— DIRECTIONS FOR THIS TASK —
Keep the wording of each record exactly the same when you repeat it, and leave out pictures.

Referring expression grounding data
····················
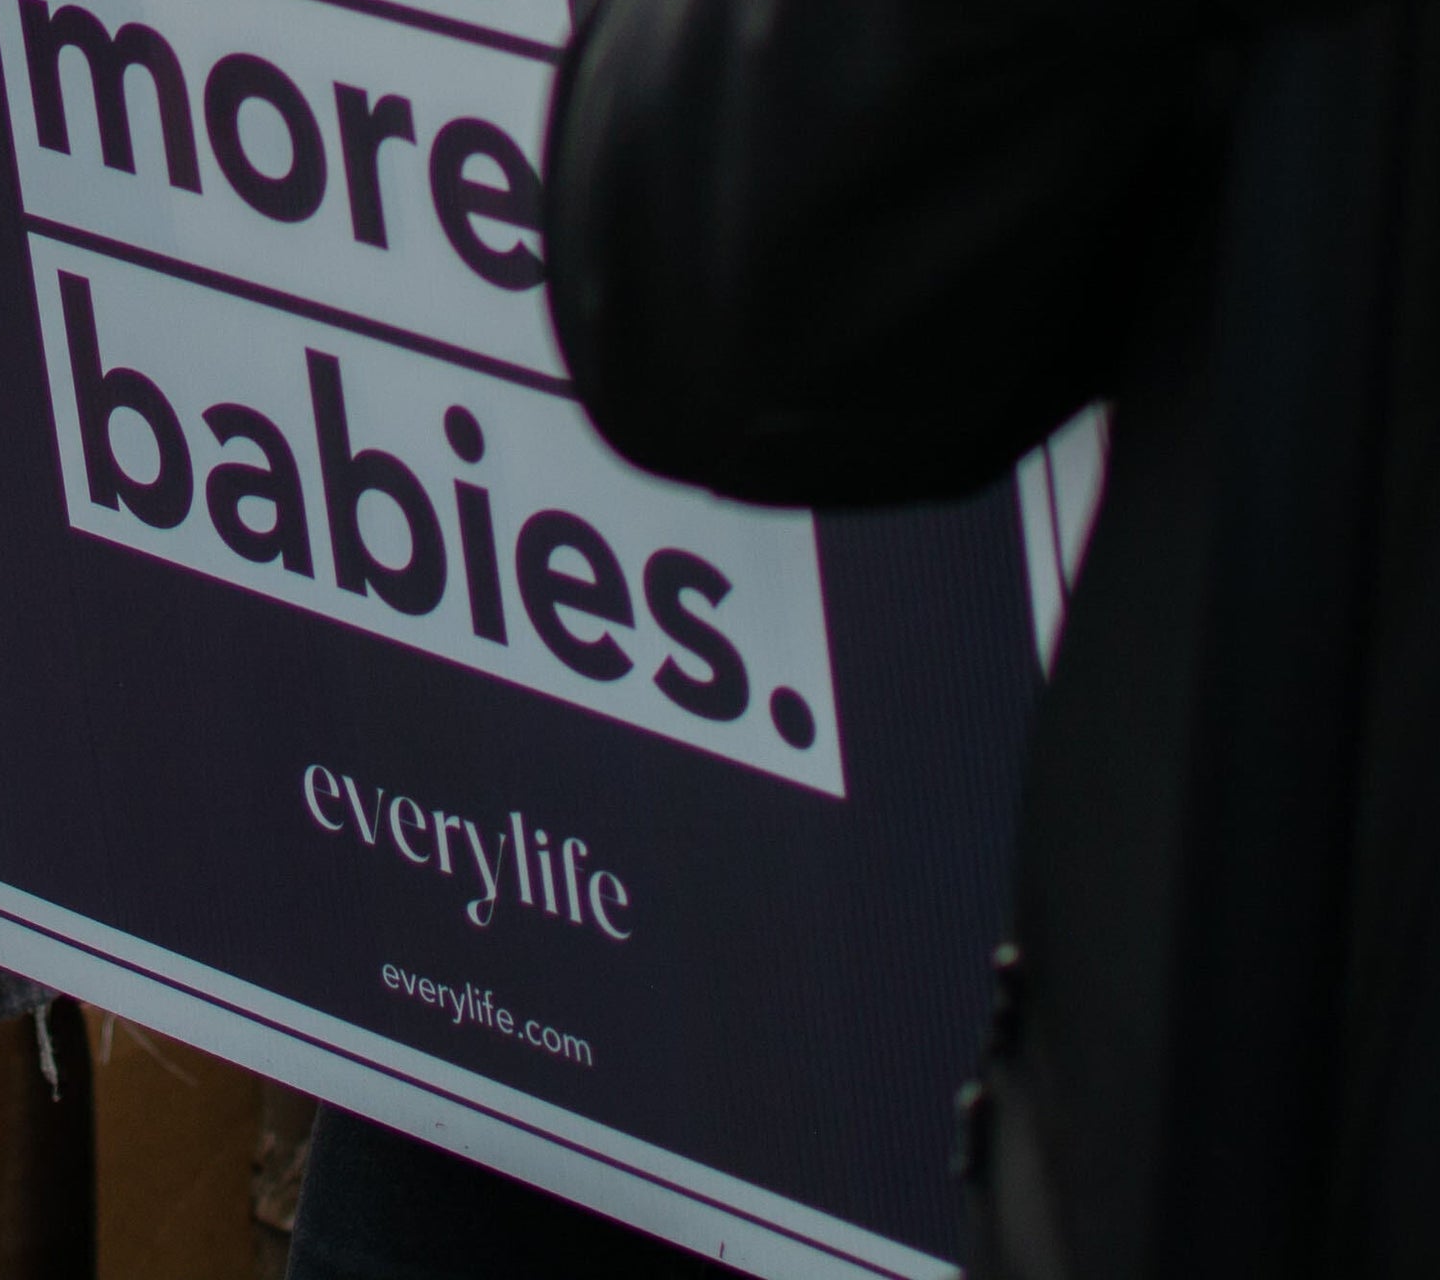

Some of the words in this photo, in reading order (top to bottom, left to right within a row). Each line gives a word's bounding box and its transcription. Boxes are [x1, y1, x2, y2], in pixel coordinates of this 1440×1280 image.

[56, 267, 818, 751] babies.
[303, 763, 632, 940] everylife
[381, 962, 594, 1067] everylife.com
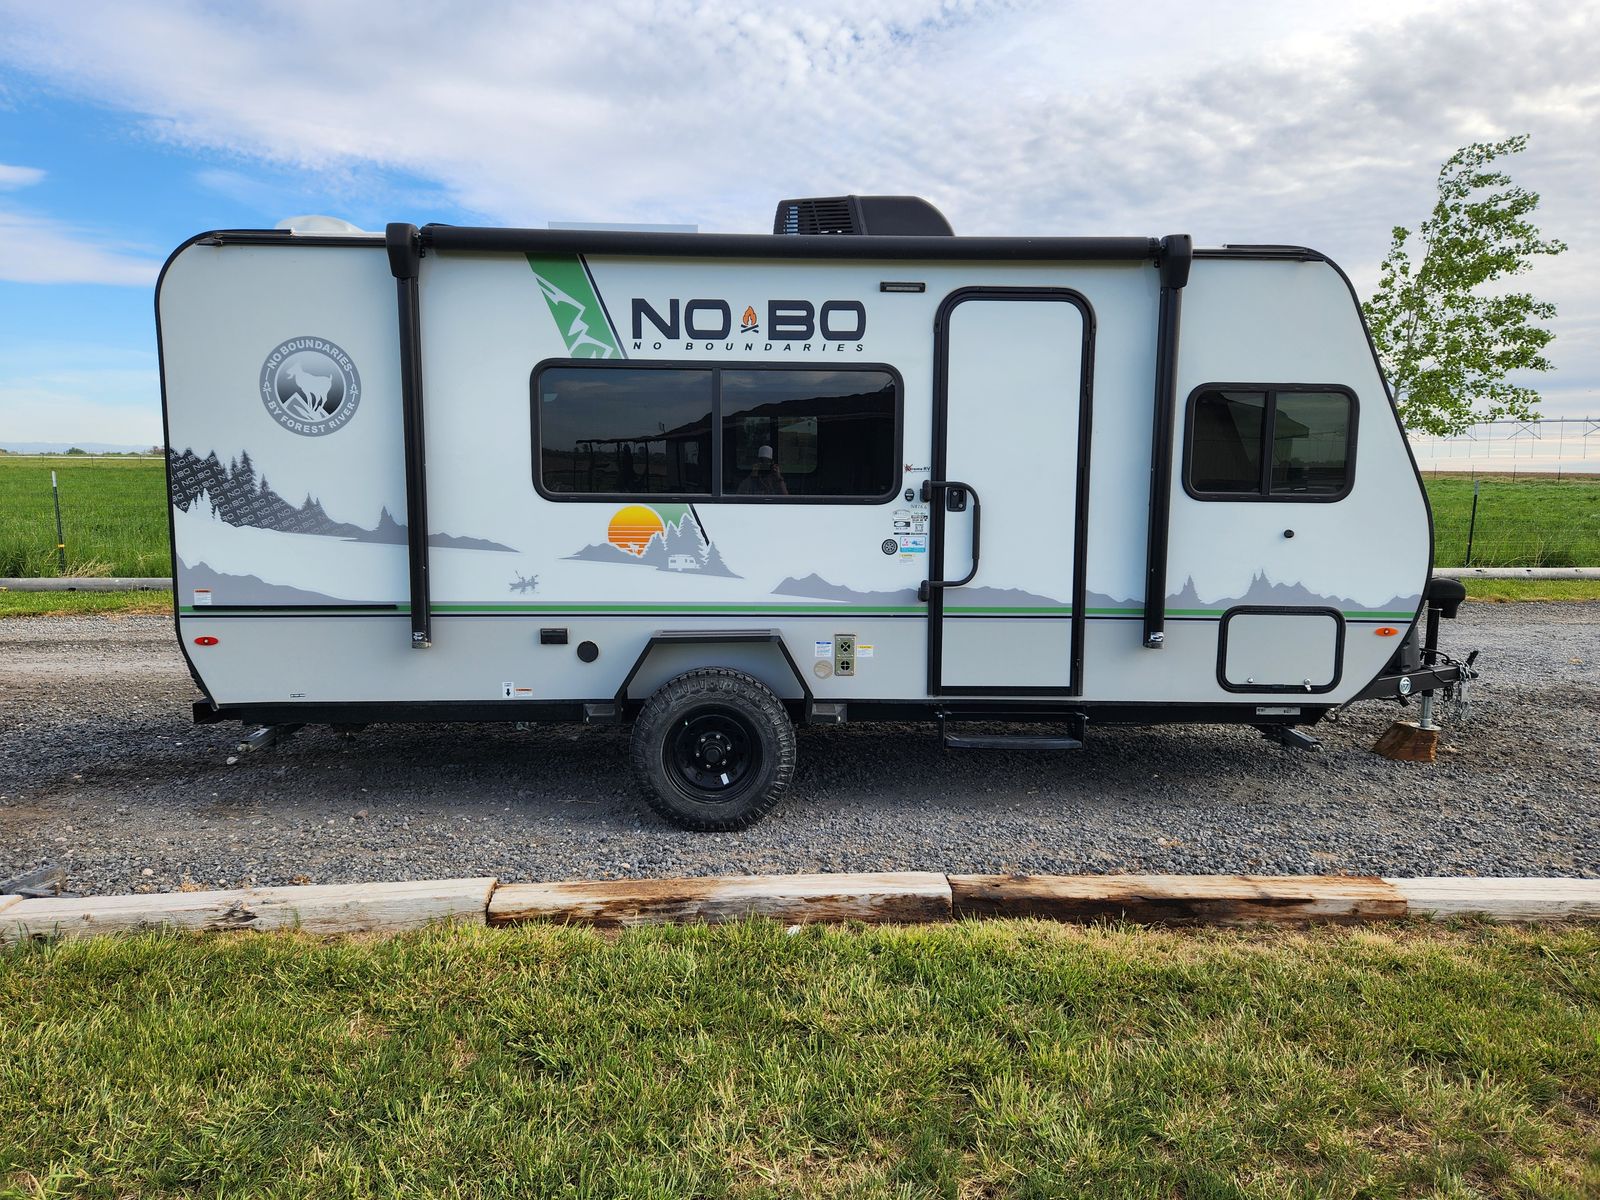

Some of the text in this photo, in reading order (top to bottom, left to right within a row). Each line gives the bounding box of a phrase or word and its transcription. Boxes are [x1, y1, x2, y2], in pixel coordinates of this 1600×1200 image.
····················
— EXPECTED ANSWER —
Some of the words in this photo, in reading order (top to bottom, left to right within a row). Each line gives a word's bounding box and its transcription. Boxes are [x1, y1, x2, y2], in pixel coordinates of this 1440×1280 image.

[56, 267, 818, 751] babies.
[303, 763, 632, 940] everylife
[381, 962, 594, 1067] everylife.com

Some of the text in this photo, in reading order (top to bottom, left to right within a row). Each line gives the bounding box of a phrase or word and its transcription. Boxes are [x1, y1, x2, y2], in pixel coordinates of this 1600×1200 image.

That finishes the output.